I’ve been doing some performance testing of variations of a math kernel operation, and in doing so, I’ve come across a benchmarking result which sensitively depends on whether a supposedly useless line is included or not.
I’ve reduced the test case down to:
using BenchmarkTools
function kernel1(ℓ,x)
const T = typeof(x)
y = x*x
g = 1 / sqrt(ℓ)
return ifelse(y<eps(T), 0.0, y)
end
function kernel2(ℓ,x)
const T = typeof(x)
const U = typeof(ℓ)
y = x*x
g = 1 / sqrt(ℓ)
return ifelse(y<eps(T), 0.0, y)
end
ℓ = 700
x = 0.5
a = @benchmark kernel1($ℓ, $x)
b = @benchmark kernel2($ℓ, $x)
ratio(minimum(b),minimum(a))
Originally, it was the addition/removal of the const U = typeof(ℓ)

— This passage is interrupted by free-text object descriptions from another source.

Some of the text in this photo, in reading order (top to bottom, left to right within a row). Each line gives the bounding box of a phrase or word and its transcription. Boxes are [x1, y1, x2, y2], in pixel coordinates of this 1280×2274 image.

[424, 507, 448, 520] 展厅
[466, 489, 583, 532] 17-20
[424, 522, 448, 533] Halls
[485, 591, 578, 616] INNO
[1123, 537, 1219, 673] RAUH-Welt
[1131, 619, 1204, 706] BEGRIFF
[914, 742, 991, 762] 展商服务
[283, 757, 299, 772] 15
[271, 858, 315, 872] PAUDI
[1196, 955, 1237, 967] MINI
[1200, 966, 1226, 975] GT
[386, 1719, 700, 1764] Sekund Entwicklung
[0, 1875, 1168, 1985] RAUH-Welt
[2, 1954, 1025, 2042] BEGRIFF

line that caused the change I was seeing, but in trying to reduce down the test case, I’ve gotten to the point where apparently changing almost anything else in the function removes the performance difference. (I.e. even though g
is unused, removing that line causes both to perform the same.)

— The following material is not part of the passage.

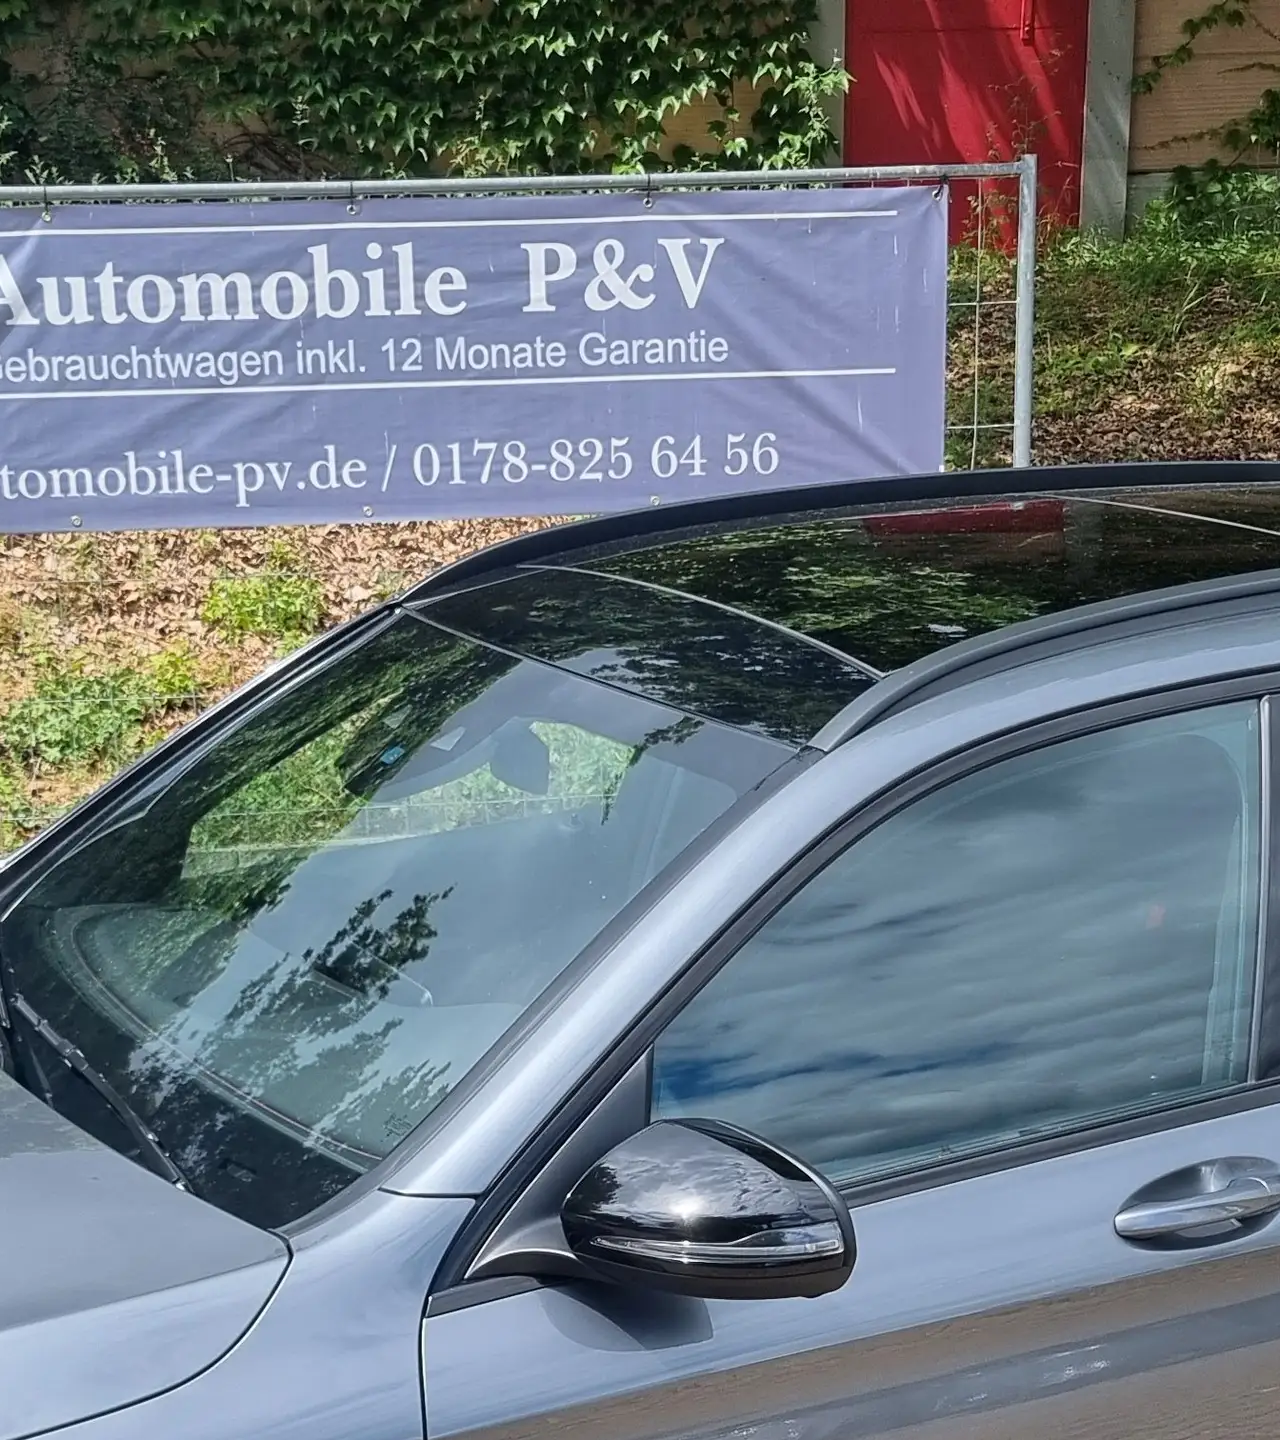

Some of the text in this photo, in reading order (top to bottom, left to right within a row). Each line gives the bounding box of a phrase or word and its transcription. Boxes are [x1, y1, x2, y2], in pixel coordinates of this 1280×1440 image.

When I inspect the LLVM or native code with code_llvm
and code_native
, respectively, they both appear to give identical results.
Am I doing something stupid in how I’m invoking @benchmark
?
The behavior is being seen on:
Julia Version 0.6.0-dev.2375
Commit 1303dfb96* (2017-01-26 06:59 UTC)
Platform Info:
OS: Linux (x86_64-pc-linux-gnu)
CPU: Intel(R) Core(TM) i7-7500U CPU @ 2.70GHz
WORD_SIZE: 64
BLAS: libopenblas (USE64BITINT DYNAMIC_ARCH NO_AFFINITY Prescott)
LAPACK: libopenblas64_
LIBM: libopenlibm
LLVM: libLLVM-3.9.1 (ORCJIT, broadwell)
and
julia> Pkg.status("BenchmarkTools")
- BenchmarkTools 0.0.6
Edit: I forgot to mention that I don’t see this difference on Julia 0.5 (though the benchmarks seem to have less resolution on 0.5??).